- _What this task involves_
Return the full listing word for word, but drop every picture from it.

++++++++

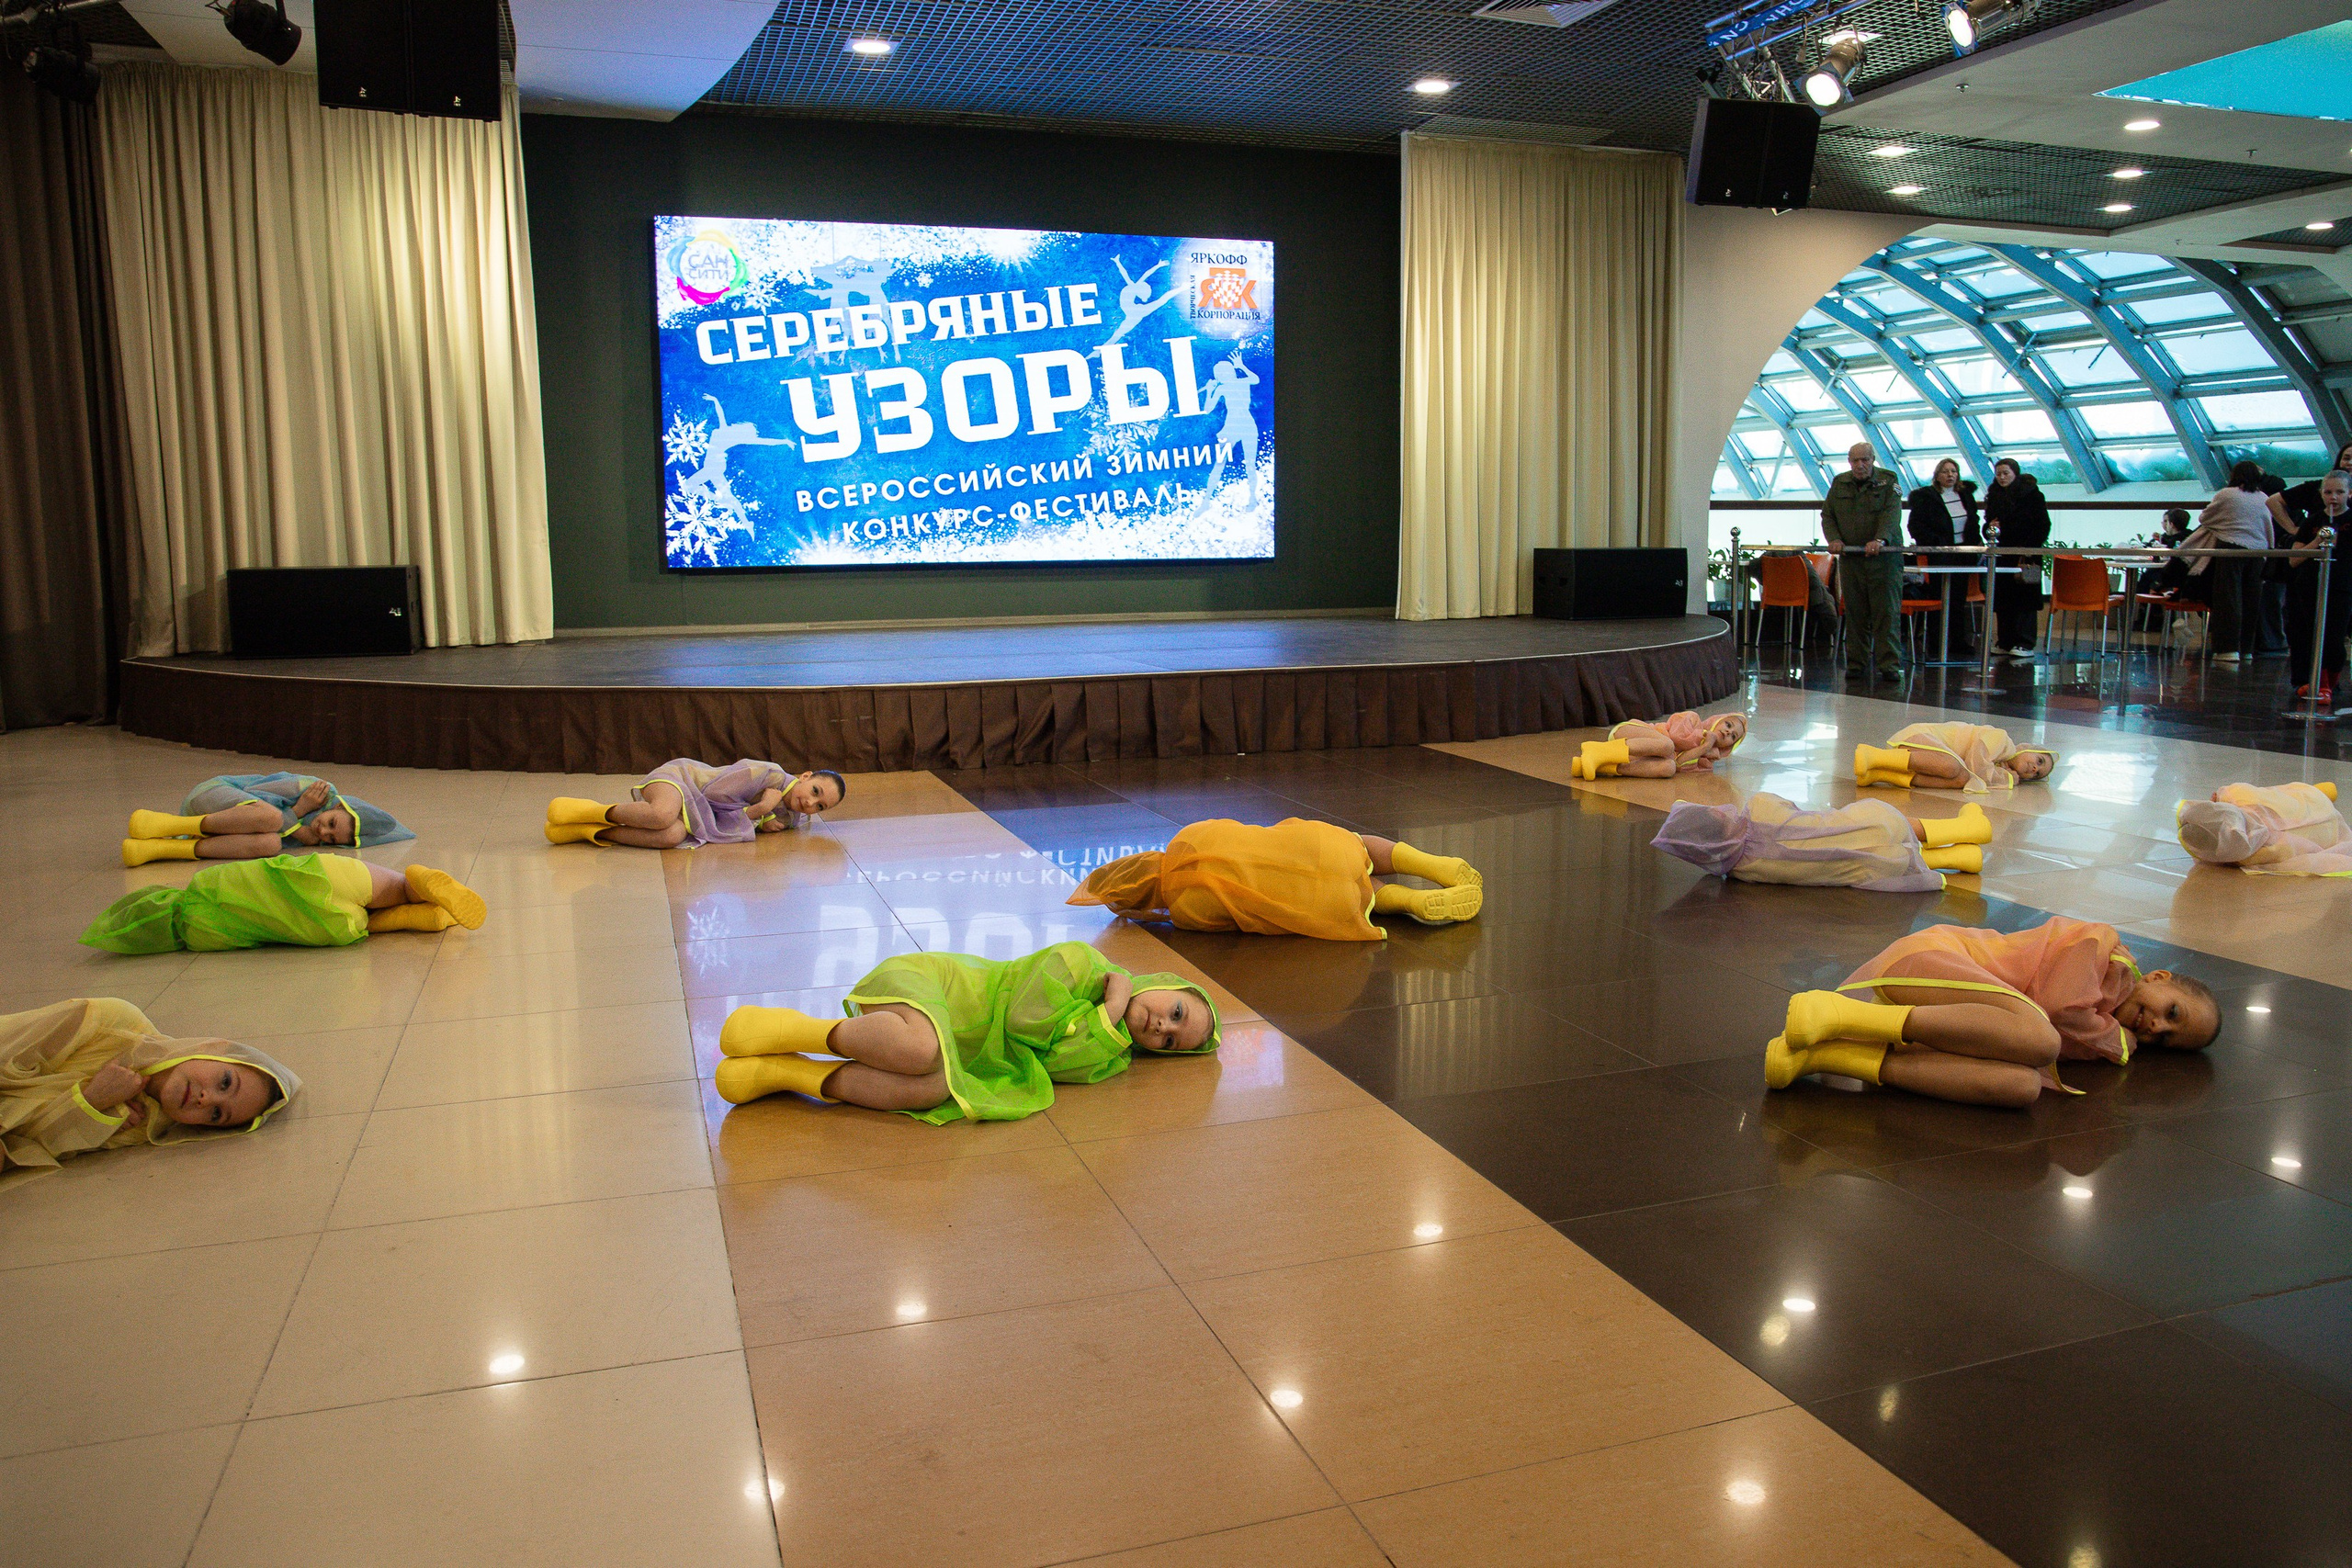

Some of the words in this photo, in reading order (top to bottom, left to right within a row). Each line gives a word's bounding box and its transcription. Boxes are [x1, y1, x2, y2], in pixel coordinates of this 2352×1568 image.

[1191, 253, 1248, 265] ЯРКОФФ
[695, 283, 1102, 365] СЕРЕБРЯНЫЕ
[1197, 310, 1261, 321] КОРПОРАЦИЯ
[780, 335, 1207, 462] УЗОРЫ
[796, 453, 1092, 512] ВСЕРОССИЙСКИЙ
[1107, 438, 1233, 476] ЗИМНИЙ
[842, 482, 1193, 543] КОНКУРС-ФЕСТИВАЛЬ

++++++++

- _Solution for this task_
Some of the words in this photo, in reading order (top to bottom, left to right within a row). Each line gives a word's bounding box and its transcription. Boxes are [x1, y1, x2, y2], in pixel coordinates of this 2352×1568 image.

[1191, 253, 1248, 265] ЯРКОФФ
[695, 283, 1102, 365] СЕРЕБРЯНЫЕ
[1197, 310, 1261, 321] КОРПОРАЦИЯ
[780, 335, 1207, 462] УЗОРЫ
[796, 453, 1092, 512] ВСЕРОССИЙСКИЙ
[1107, 438, 1233, 476] ЗИМНИЙ
[842, 482, 1193, 543] КОНКУРС-ФЕСТИВАЛЬ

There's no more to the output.